**What you need to do**
Transcribe the data exactly, pictures excluded.

Image-backed grounding data:
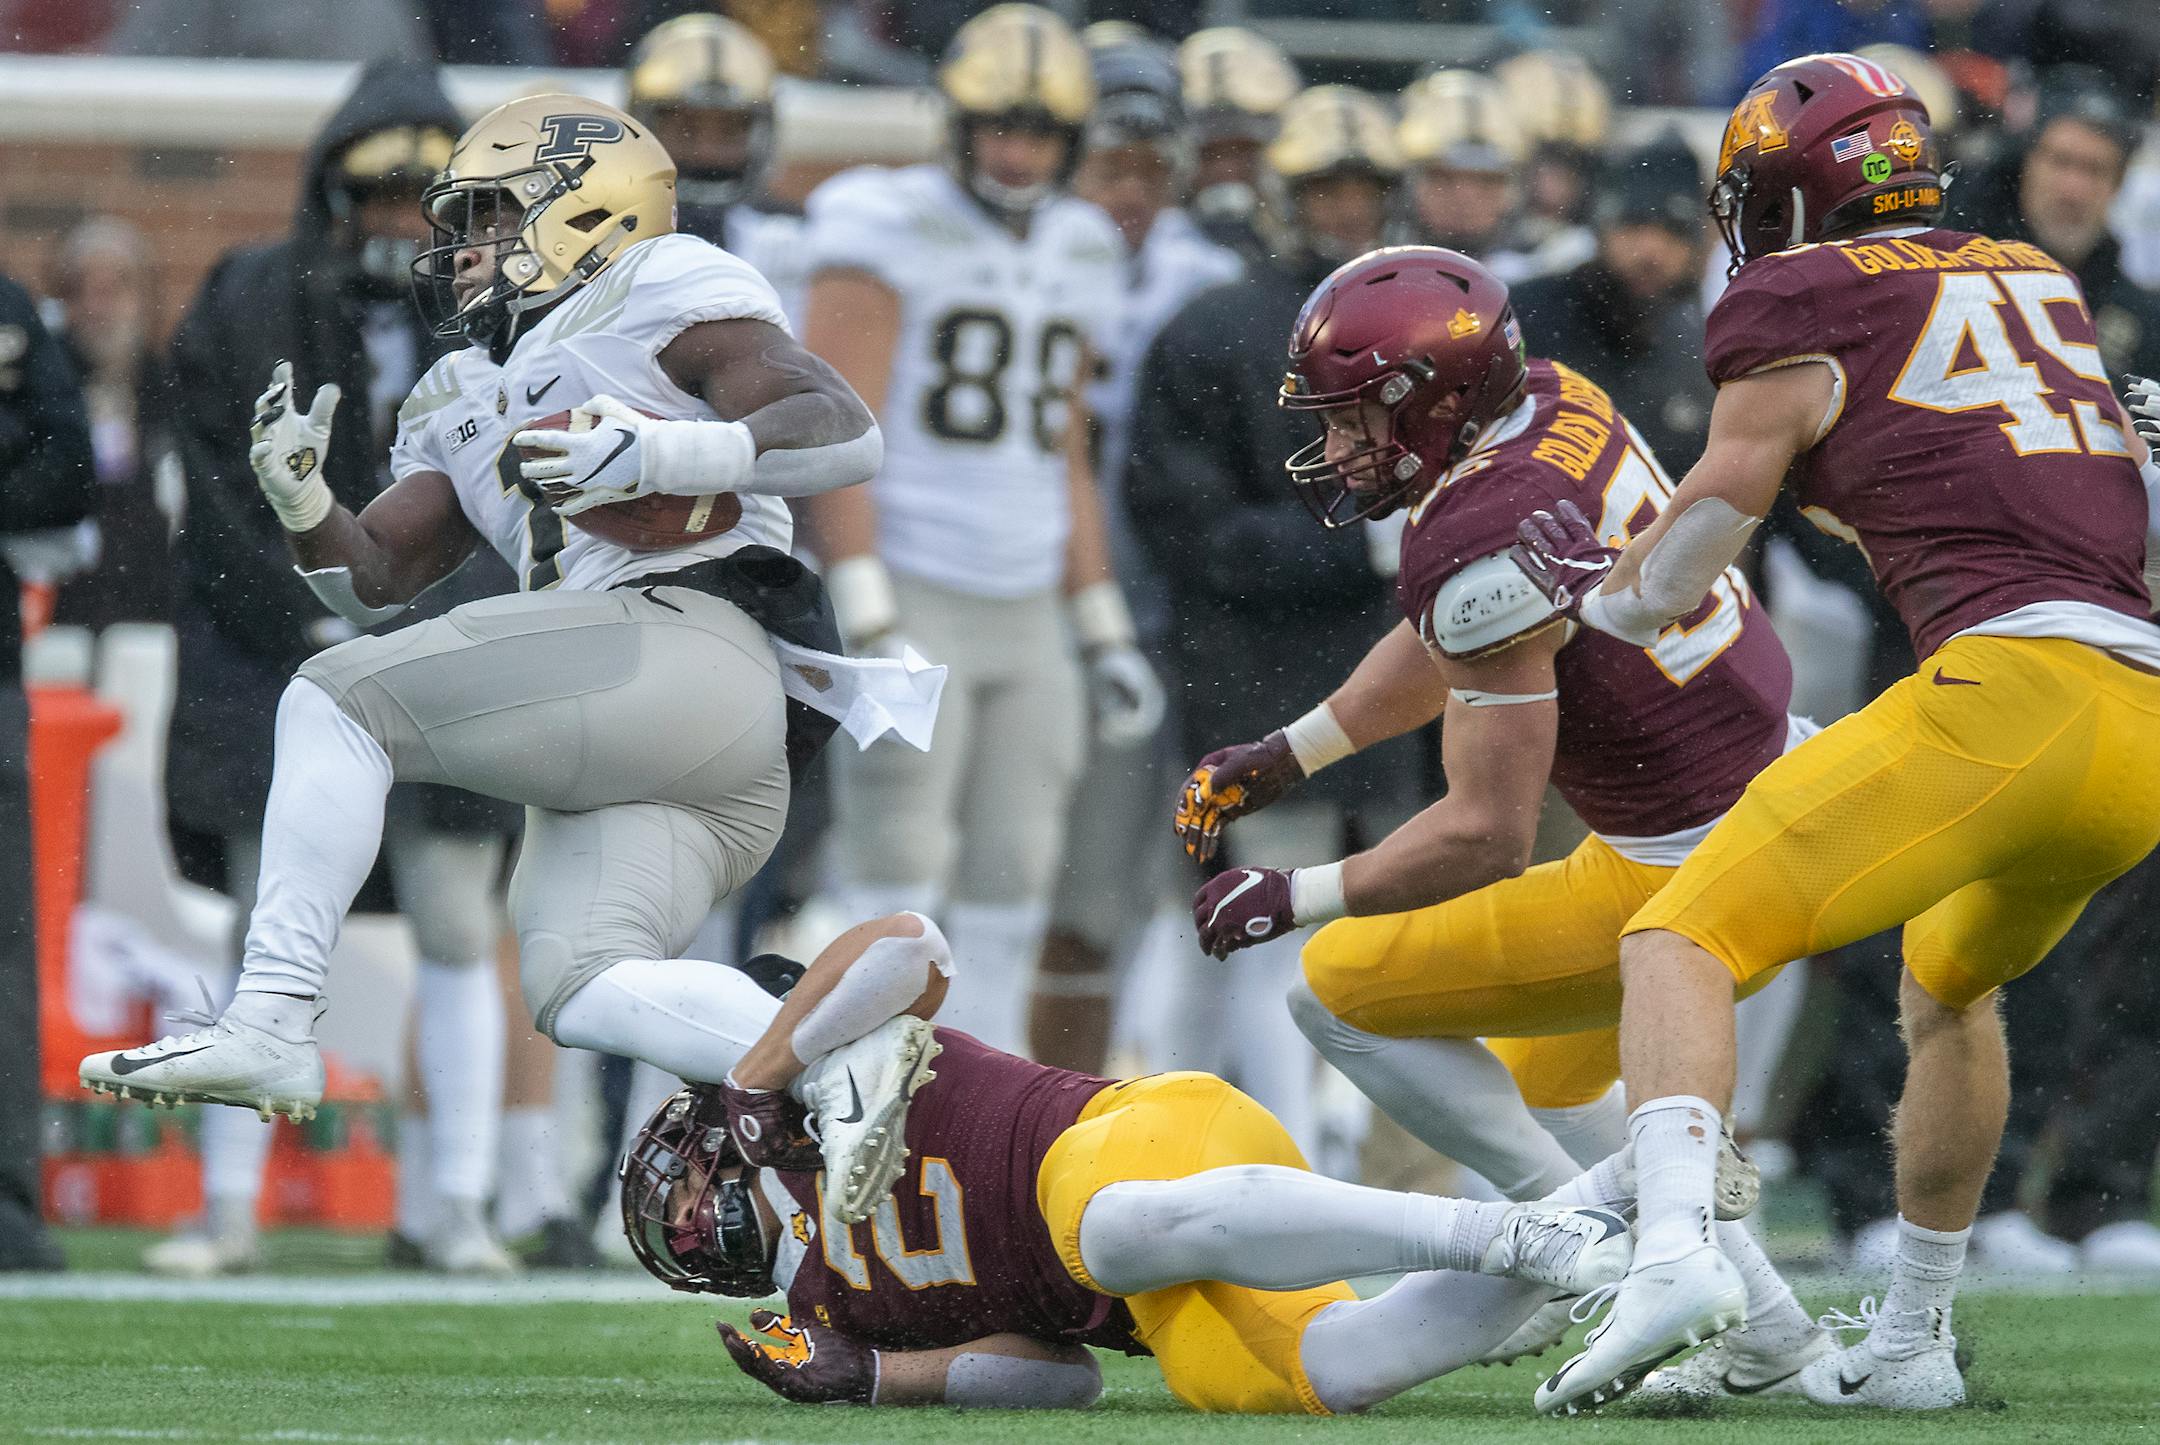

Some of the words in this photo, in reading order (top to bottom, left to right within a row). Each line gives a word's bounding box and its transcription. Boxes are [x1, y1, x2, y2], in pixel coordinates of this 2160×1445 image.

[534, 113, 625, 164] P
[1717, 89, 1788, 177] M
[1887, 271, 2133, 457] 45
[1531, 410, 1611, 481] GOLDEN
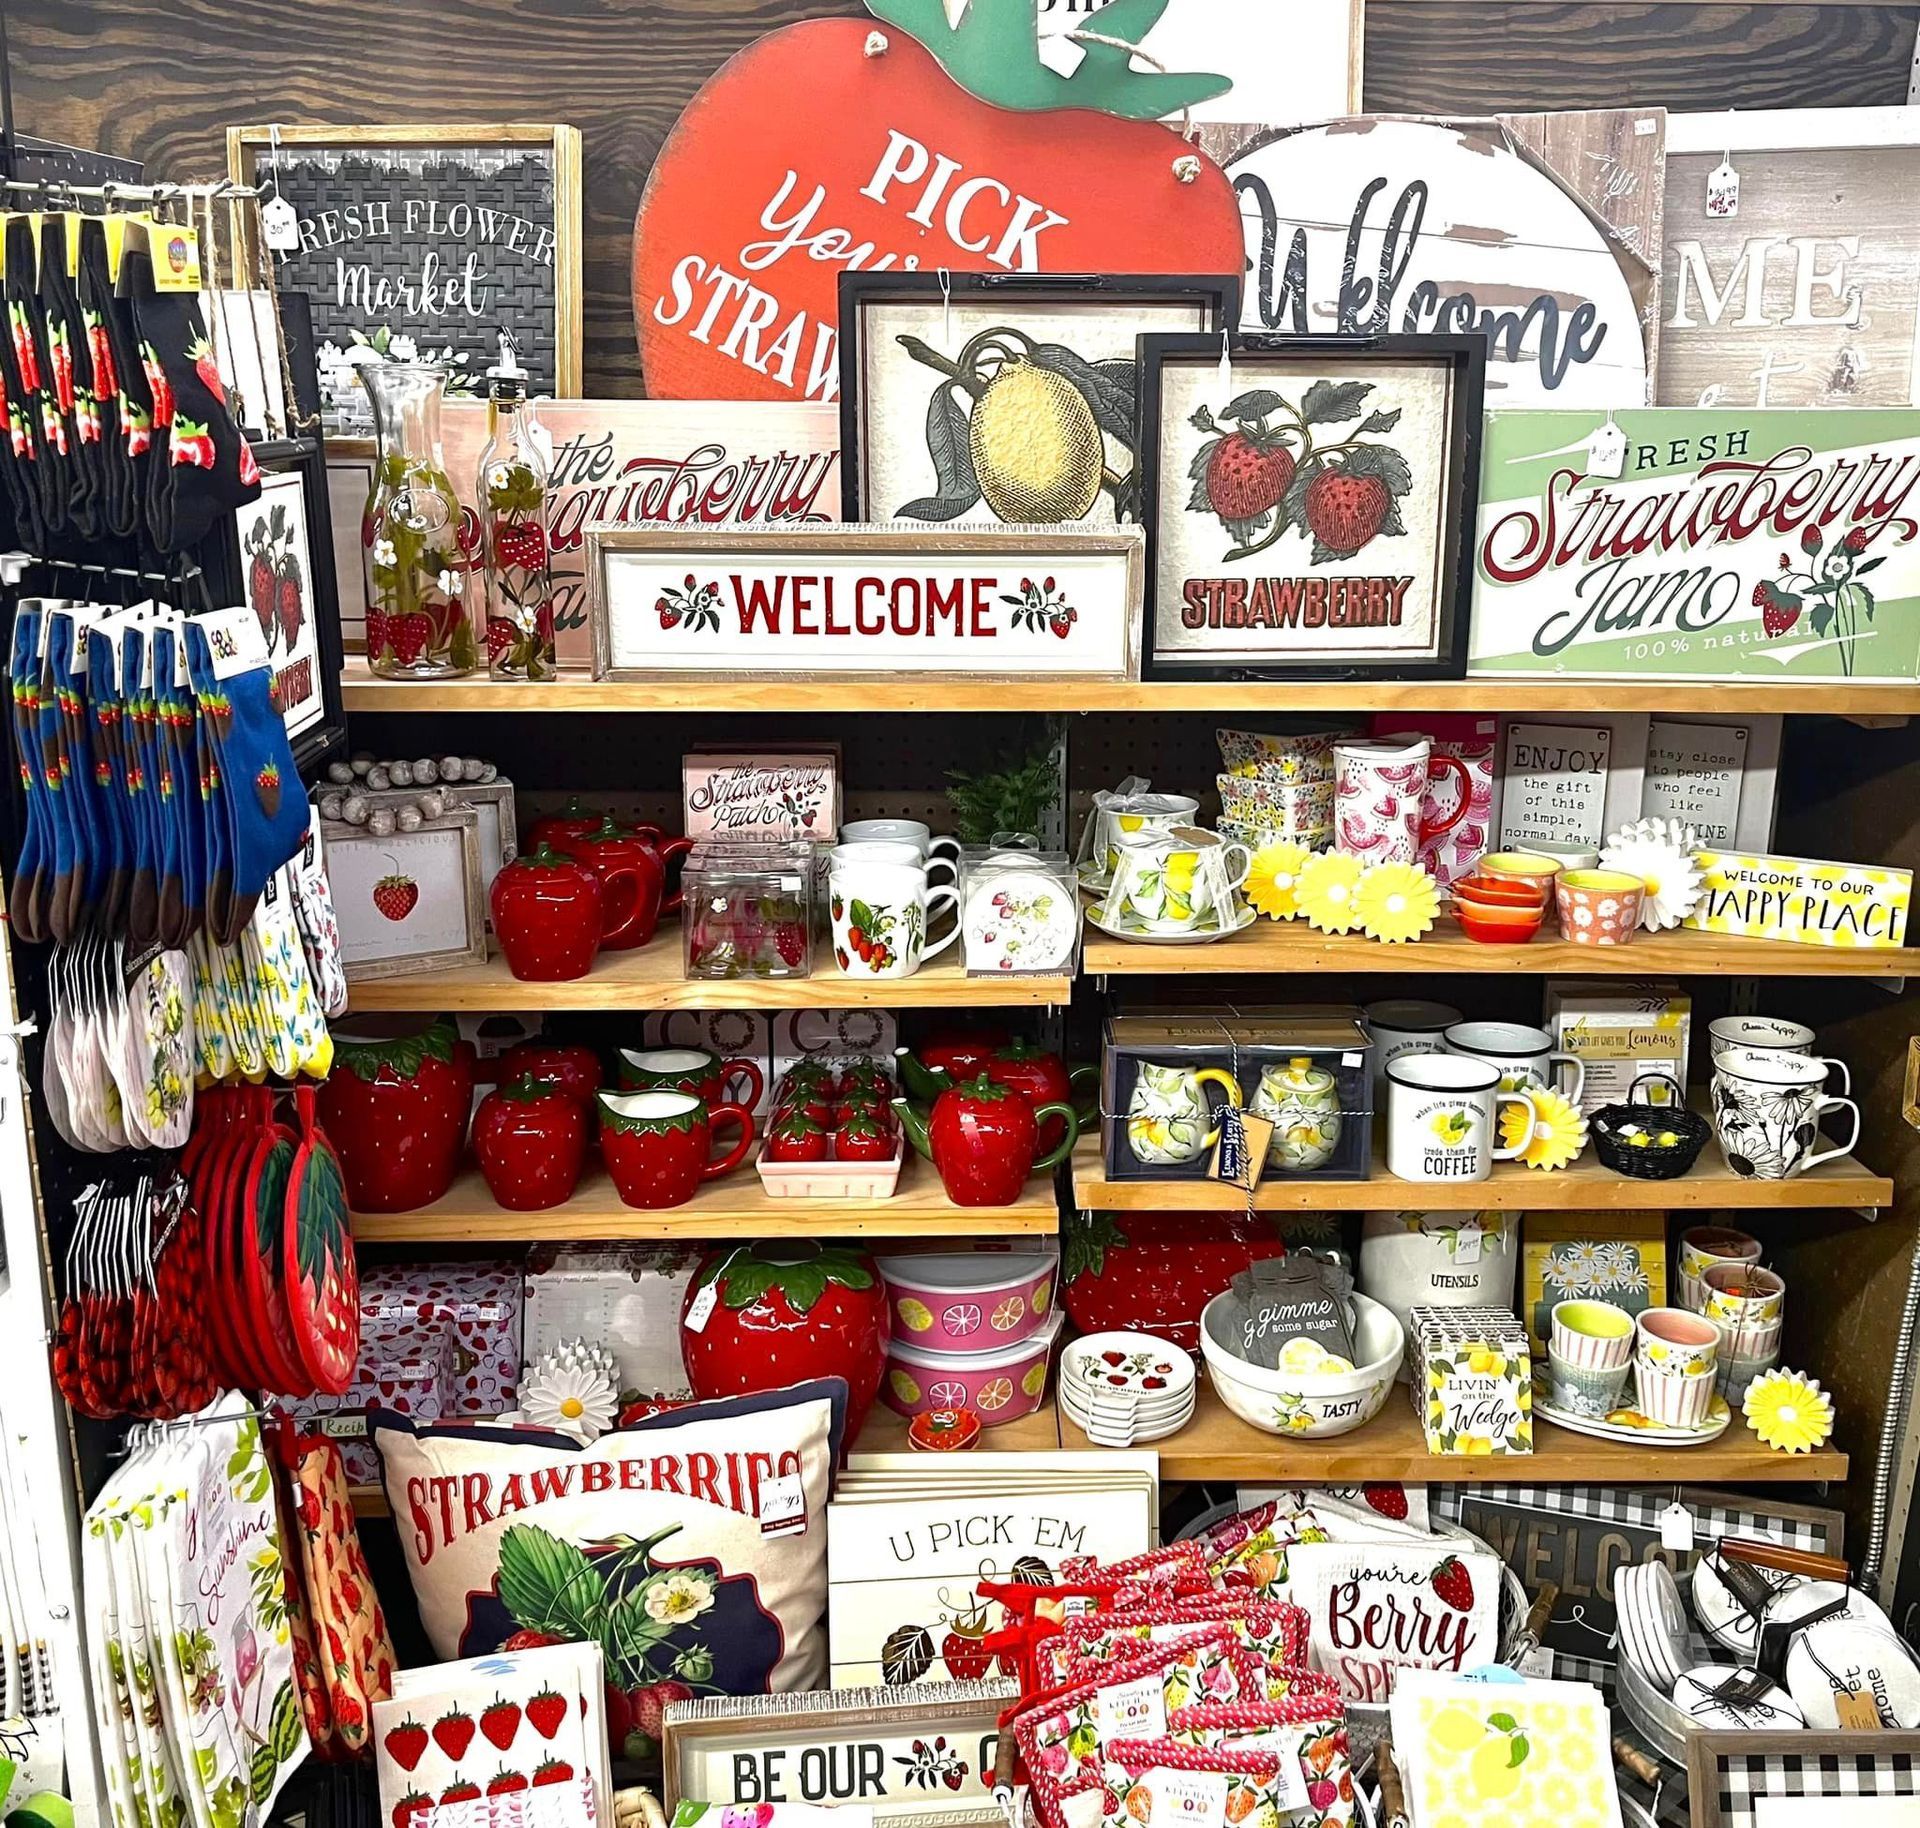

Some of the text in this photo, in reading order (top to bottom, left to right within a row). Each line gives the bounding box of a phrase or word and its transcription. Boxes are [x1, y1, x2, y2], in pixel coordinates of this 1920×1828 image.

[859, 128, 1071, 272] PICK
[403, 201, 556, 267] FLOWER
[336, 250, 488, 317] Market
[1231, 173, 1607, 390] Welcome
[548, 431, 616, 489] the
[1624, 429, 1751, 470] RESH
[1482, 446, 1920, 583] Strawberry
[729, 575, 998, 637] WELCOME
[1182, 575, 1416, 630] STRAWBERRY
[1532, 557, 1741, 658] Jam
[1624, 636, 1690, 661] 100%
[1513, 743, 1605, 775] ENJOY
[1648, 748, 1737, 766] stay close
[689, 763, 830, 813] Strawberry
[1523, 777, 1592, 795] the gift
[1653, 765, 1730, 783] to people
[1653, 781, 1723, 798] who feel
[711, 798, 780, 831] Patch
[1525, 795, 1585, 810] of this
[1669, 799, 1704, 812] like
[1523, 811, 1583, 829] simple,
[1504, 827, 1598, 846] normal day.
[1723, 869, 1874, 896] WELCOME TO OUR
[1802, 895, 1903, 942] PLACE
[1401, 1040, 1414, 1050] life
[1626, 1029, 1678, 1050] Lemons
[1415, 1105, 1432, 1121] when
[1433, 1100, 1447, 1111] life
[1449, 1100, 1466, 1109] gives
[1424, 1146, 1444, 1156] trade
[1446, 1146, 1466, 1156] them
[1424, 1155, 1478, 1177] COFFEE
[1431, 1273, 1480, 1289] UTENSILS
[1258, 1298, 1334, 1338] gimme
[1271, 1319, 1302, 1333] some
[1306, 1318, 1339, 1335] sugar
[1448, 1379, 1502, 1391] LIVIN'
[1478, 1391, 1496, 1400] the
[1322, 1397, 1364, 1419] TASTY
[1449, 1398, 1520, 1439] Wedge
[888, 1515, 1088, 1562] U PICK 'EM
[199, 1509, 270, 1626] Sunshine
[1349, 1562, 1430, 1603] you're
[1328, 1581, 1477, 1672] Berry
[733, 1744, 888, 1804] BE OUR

**Solution for this problem**
Some of the words in this photo, in reading order (top to bottom, left to right within a row). Each line gives a word's bounding box and its transcription. Boxes are [x1, y1, x2, y2], in pixel coordinates of this 2160×1445 image.

[534, 113, 625, 164] P
[1717, 89, 1788, 177] M
[1887, 271, 2133, 457] 45
[1531, 410, 1611, 481] GOLDEN

Some of the text in this photo, in reading order (top to bottom, left to right within a row). Each line gives the bounding box of a phrase or word and its transcription. Boxes are [x1, y1, x2, y2], in pixel coordinates of this 1920×1828 image.

[859, 128, 1071, 272] PICK
[403, 201, 556, 267] FLOWER
[336, 250, 488, 317] Market
[1231, 173, 1607, 390] Welcome
[548, 431, 616, 489] the
[1624, 429, 1751, 470] RESH
[1482, 446, 1920, 583] Strawberry
[729, 575, 998, 637] WELCOME
[1182, 575, 1416, 630] STRAWBERRY
[1532, 557, 1741, 658] Jam
[1624, 636, 1690, 661] 100%
[1513, 743, 1605, 775] ENJOY
[1648, 748, 1737, 766] stay close
[689, 763, 830, 813] Strawberry
[1523, 777, 1592, 795] the gift
[1653, 765, 1730, 783] to people
[1653, 781, 1723, 798] who feel
[711, 798, 780, 831] Patch
[1525, 795, 1585, 810] of this
[1669, 799, 1704, 812] like
[1523, 811, 1583, 829] simple,
[1504, 827, 1598, 846] normal day.
[1723, 869, 1874, 896] WELCOME TO OUR
[1802, 895, 1903, 942] PLACE
[1401, 1040, 1414, 1050] life
[1626, 1029, 1678, 1050] Lemons
[1415, 1105, 1432, 1121] when
[1433, 1100, 1447, 1111] life
[1449, 1100, 1466, 1109] gives
[1424, 1146, 1444, 1156] trade
[1446, 1146, 1466, 1156] them
[1424, 1155, 1478, 1177] COFFEE
[1431, 1273, 1480, 1289] UTENSILS
[1258, 1298, 1334, 1338] gimme
[1271, 1319, 1302, 1333] some
[1306, 1318, 1339, 1335] sugar
[1448, 1379, 1502, 1391] LIVIN'
[1478, 1391, 1496, 1400] the
[1322, 1397, 1364, 1419] TASTY
[1449, 1398, 1520, 1439] Wedge
[888, 1515, 1088, 1562] U PICK 'EM
[199, 1509, 270, 1626] Sunshine
[1349, 1562, 1430, 1603] you're
[1328, 1581, 1477, 1672] Berry
[733, 1744, 888, 1804] BE OUR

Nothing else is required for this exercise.